Micro-costing ; Practice expense ; Fee-for-service ; Relative value unit ; Endoscope ; Bronchoscope ; Flexible bronchoscopic intubation
Abstract
Objectives: To evaluate the per-procedure cost of flexible bronchoscopic intubation in relation to the monetary value of the practice expense relative value units (RVUs) of the procedure. Methods: A micro-costing analysis of flexible bronchoscopic intubation was performed in the anesthesiology and pain medicine department of a Korean tertiary hospital over the fiscal year 2019. Cost records were collected and then categorized into three cost components: depreciation of reusable flexible bronchoscopes and video equipment, reprocessing, and repairs. The per-procedure cost was calculated by dividing the total annual cost by the annual number of flexible bronchoscopic intubations performed.
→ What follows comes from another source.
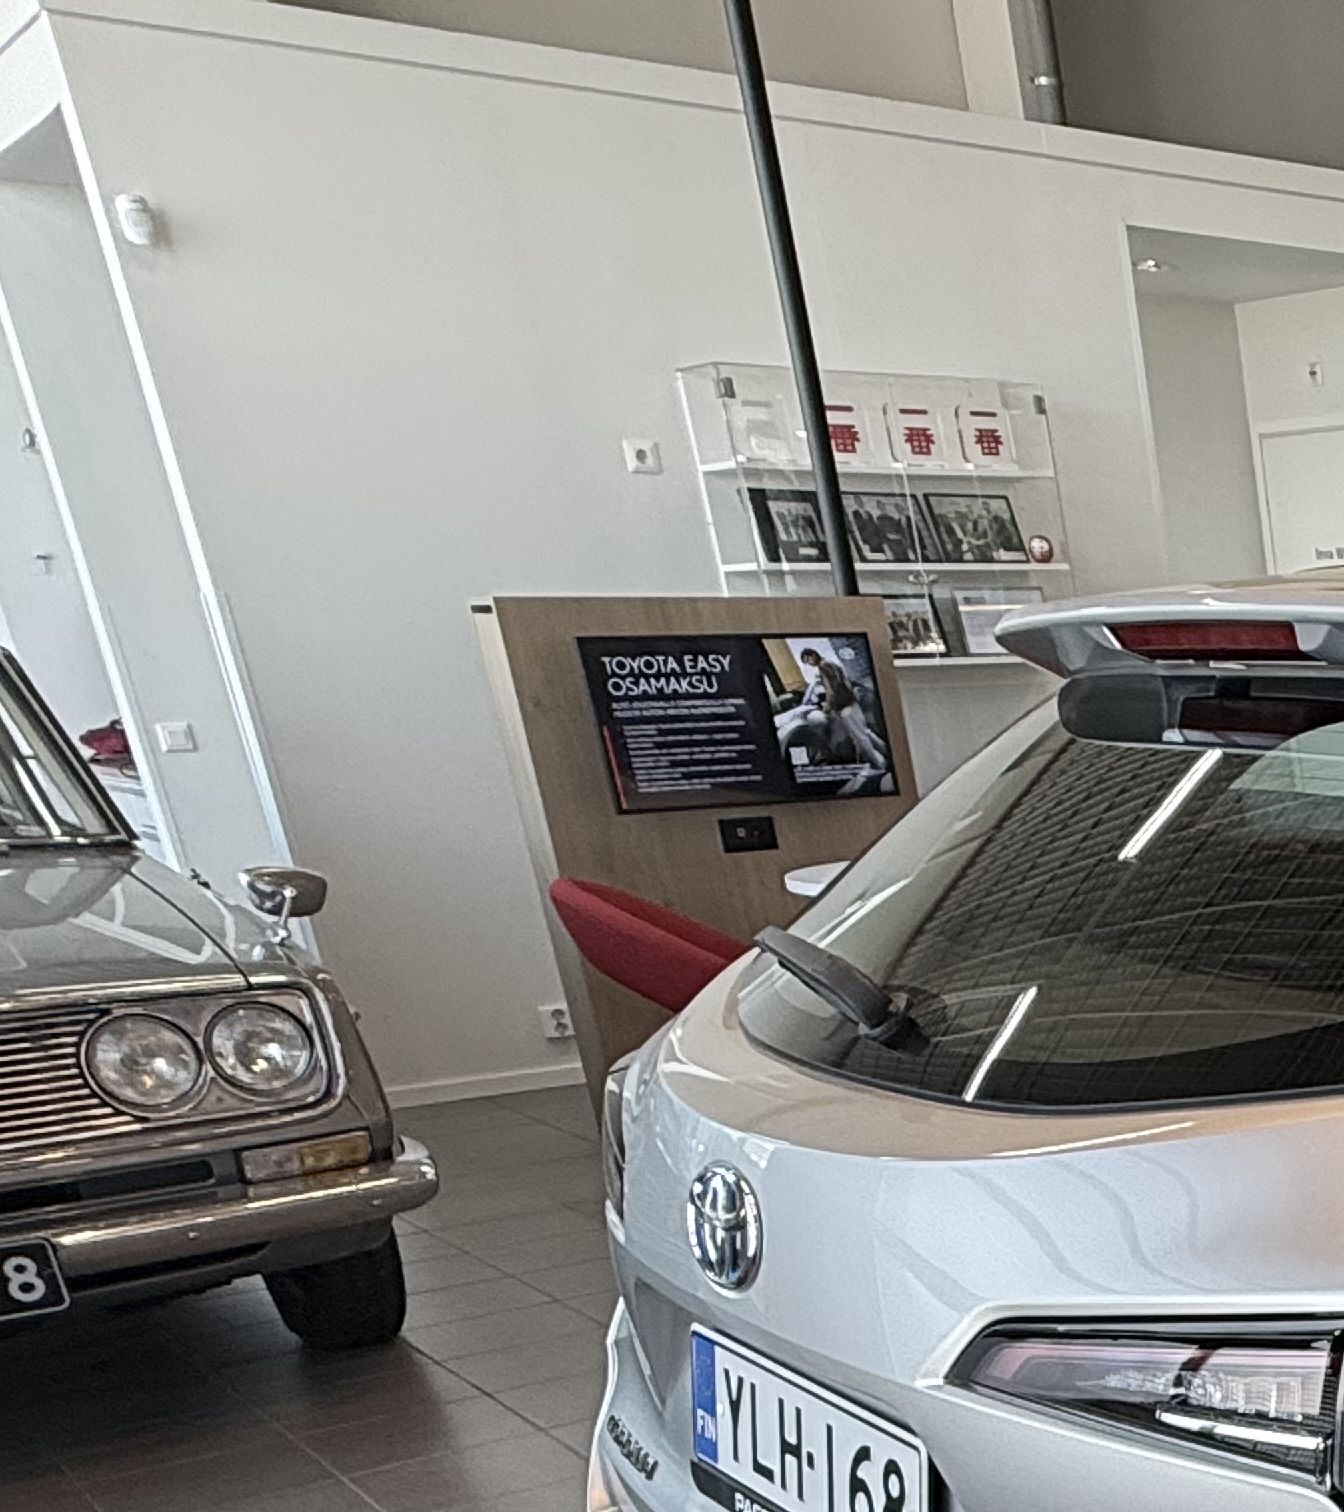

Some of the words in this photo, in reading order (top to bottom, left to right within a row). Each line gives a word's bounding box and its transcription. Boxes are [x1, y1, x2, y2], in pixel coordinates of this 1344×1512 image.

The resulting per-procedure cost was then compared to the monetary value of the practice expense RVUs of the procedure. Considering that the annual procedural volume would significantly impact per-procedure costs and overall profitability, a deterministic sensitivity analysis (DSA) was conducted. Results: In total, 748 flexible bronchoscopic intubations were performed during the fiscal year. Total annual costs for depreciation of the bronchoscopes and video equipment, reprocessing, and repair were US$ 31,921, US$ 22,268, and US$ 22,948 respectively. The calculated per-procedure cost of the flexible bronchoscopic intubation in the period was US$ 103.1 while the fee listed in the fee schedule and the monetary value of the practice expense RVUs of the procedure were US$ 69.9 and US$ 52.2 respectively. Therefore, the procedure was performed at a loss over the period: the amount that the subject department lost with respect to the practice expense RVUs totaled as much as US$ 38,039. The DSA demonstrated that the procedure would remain unprofitable even if twice the volume of procedures were performed over the same duration (n=1,500). Conclusion: The findings suggest that HIRA’s determination of the practice expense RVUs of the procedure may have been underestimated and thus in need of review and recalculation to achieve adequate compensation. The per-procedure cost would vary by procedural volume and site of practice which indicates that a further multicenter study is required to confirm the study’s findings.